** GIVEN ENTRIES follows **
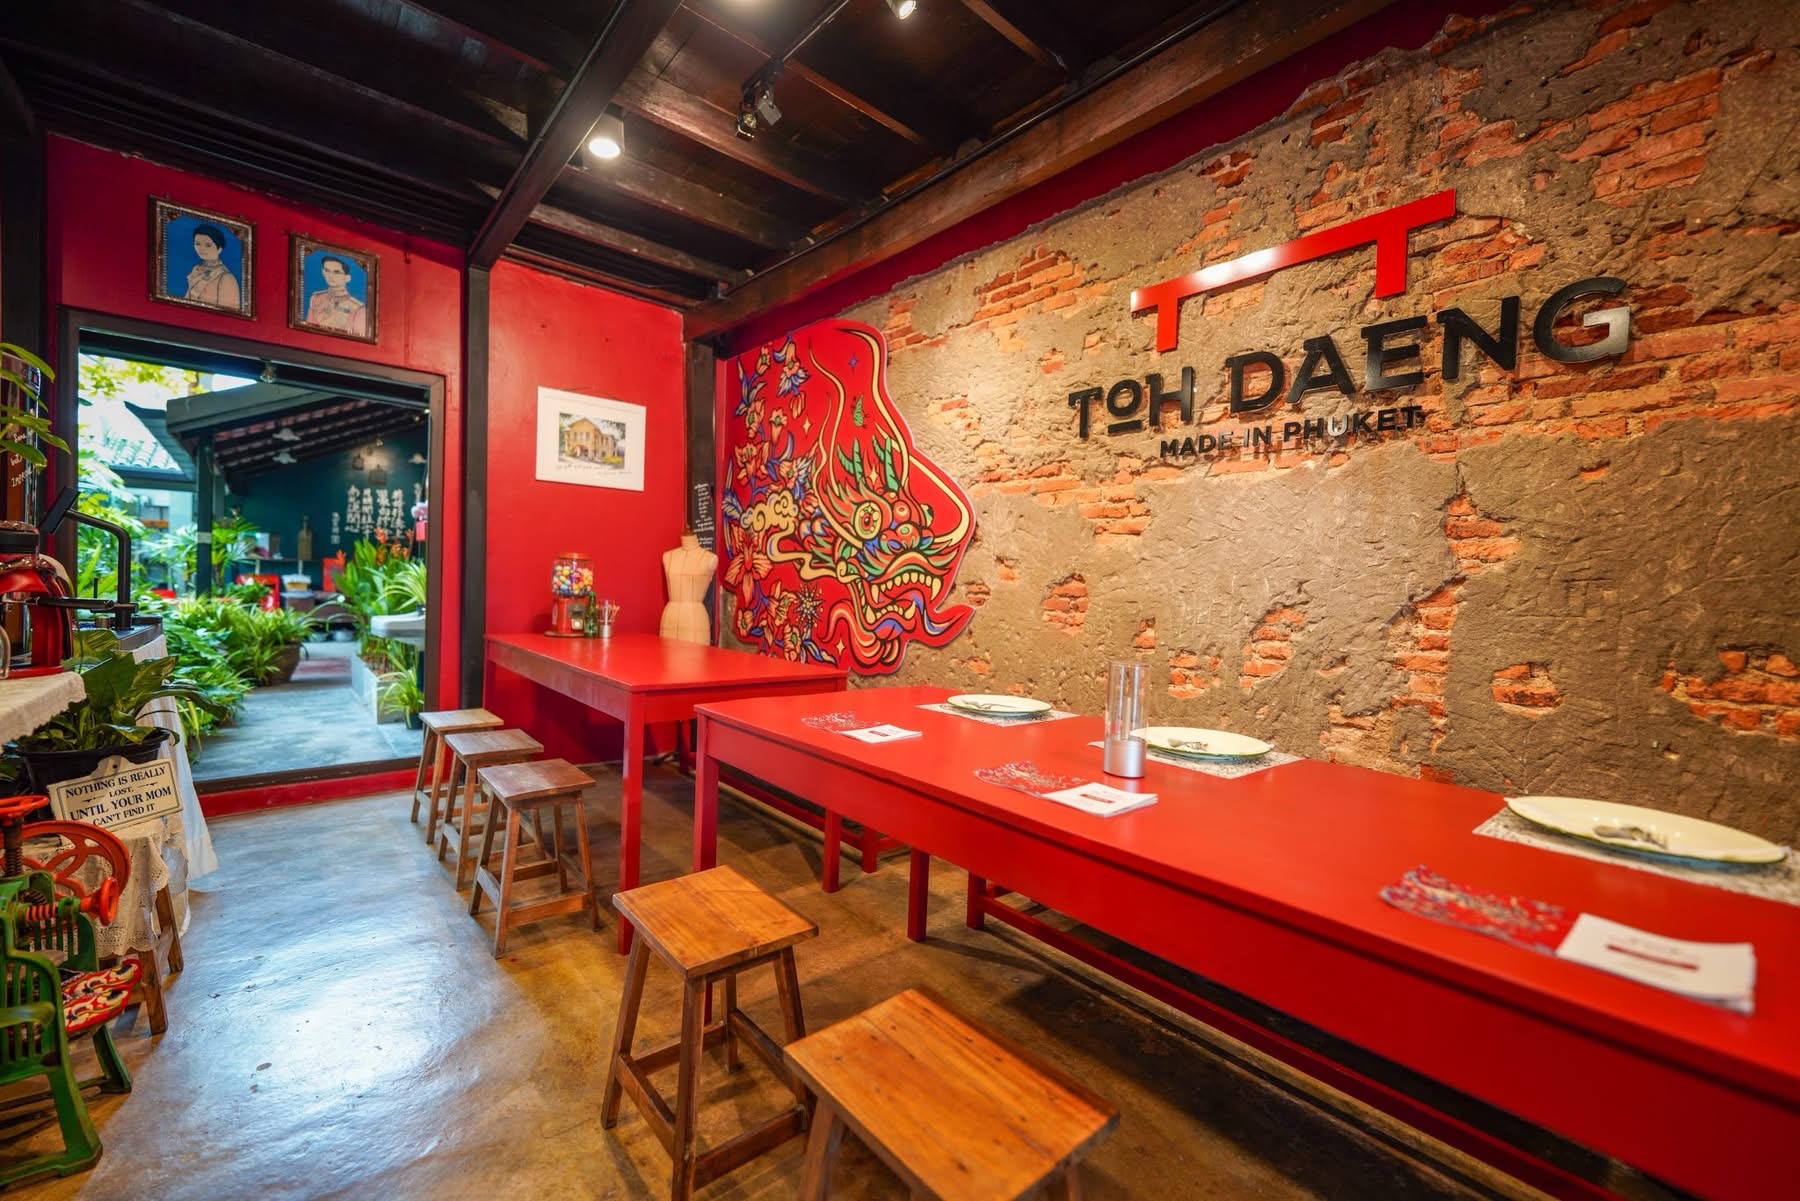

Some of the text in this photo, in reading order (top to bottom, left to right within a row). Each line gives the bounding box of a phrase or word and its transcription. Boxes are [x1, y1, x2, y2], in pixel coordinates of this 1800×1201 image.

[1068, 277, 1632, 439] TOH DAENG
[1160, 405, 1422, 458] MADE IN PHUKET
[65, 766, 166, 798] NOTHING IS REALLY
[70, 786, 172, 821] UNTIL YOUR MOM
[93, 803, 156, 827] CAN'T FIND IT
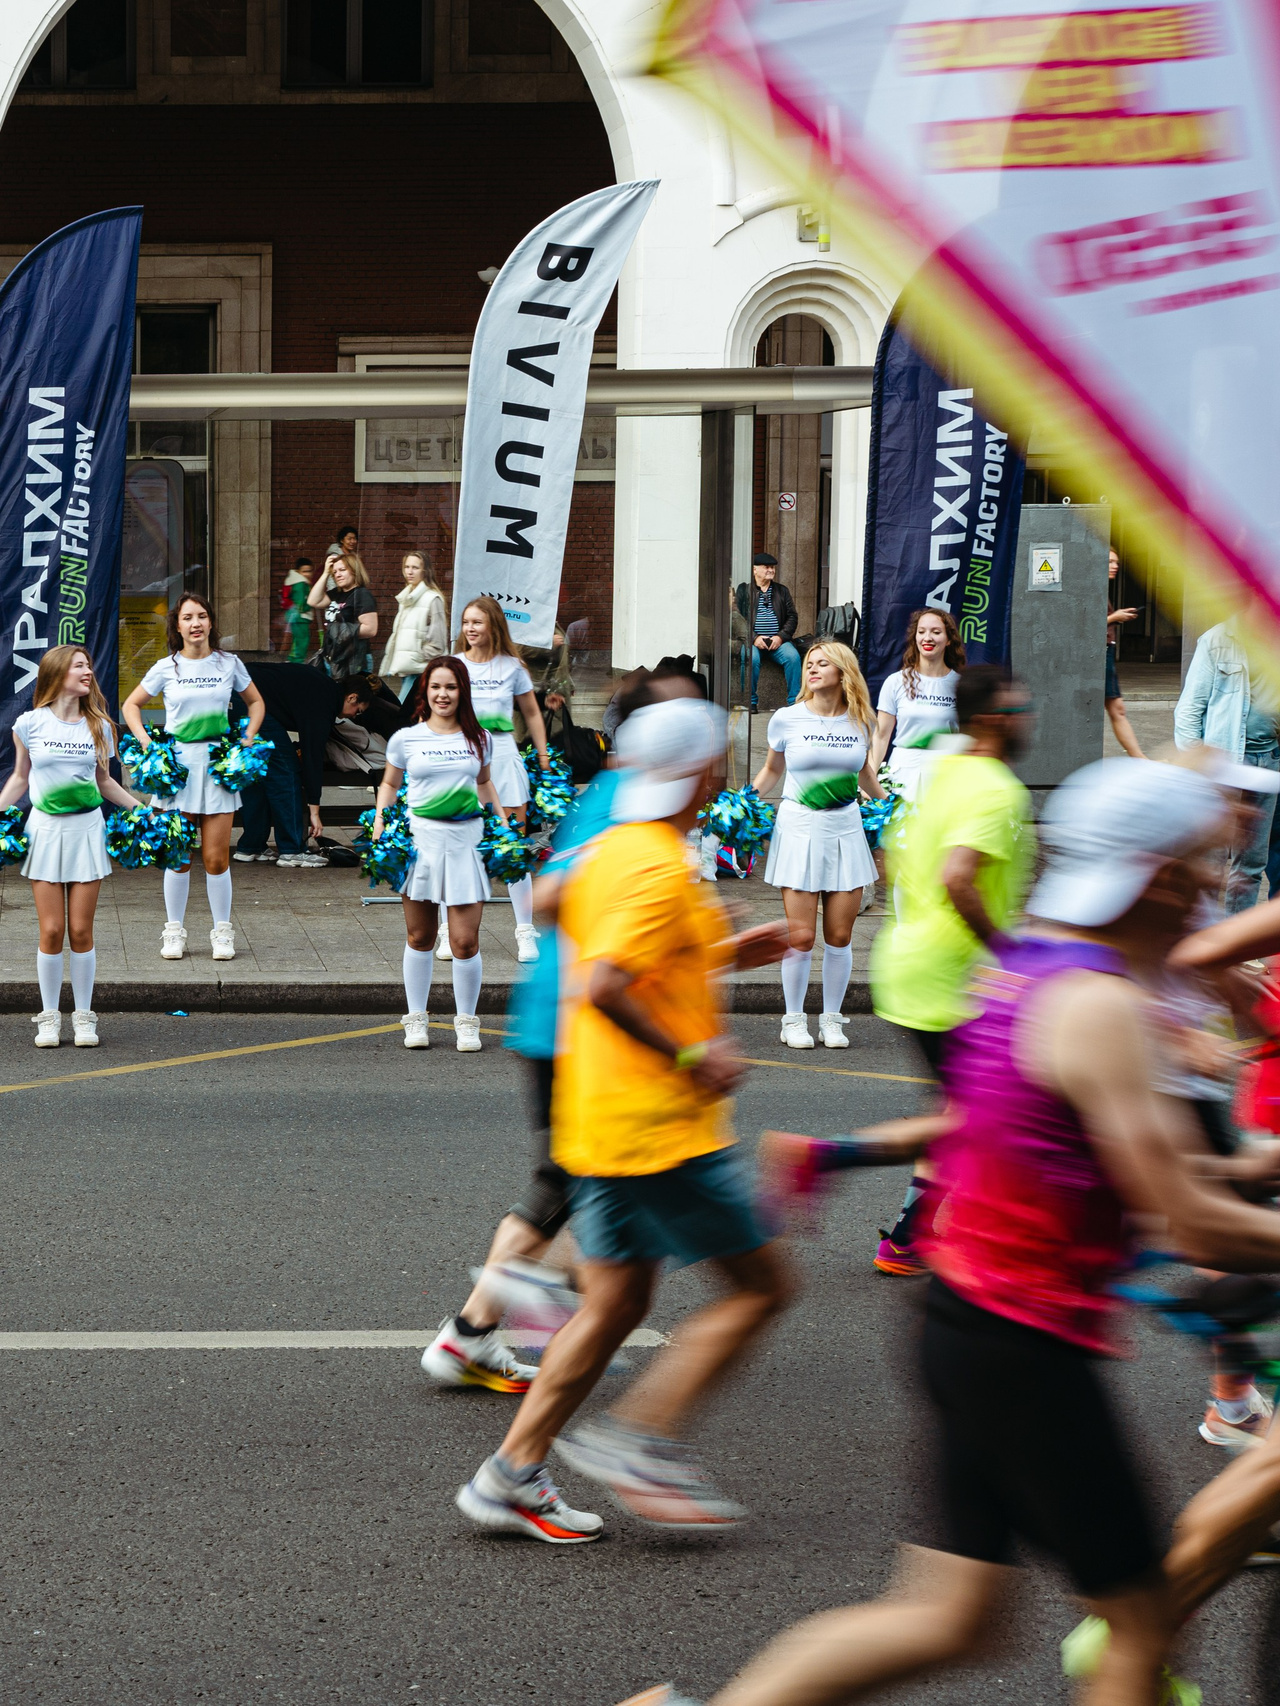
** End of GIVEN ENTRIES **
▶ [TASK DETAILS]: Without any pictures, retype the records above exactly.

▶ [FINAL ANSWER]:
Some of the text in this photo, in reading order (top to bottom, left to right within a row). Each line gives the bounding box of a phrase or word and its transcription. Boxes are [x1, y1, x2, y2], in pixel coordinates of this 1800×1201 image.

[1068, 277, 1632, 439] TOH DAENG
[1160, 405, 1422, 458] MADE IN PHUKET
[65, 766, 166, 798] NOTHING IS REALLY
[70, 786, 172, 821] UNTIL YOUR MOM
[93, 803, 156, 827] CAN'T FIND IT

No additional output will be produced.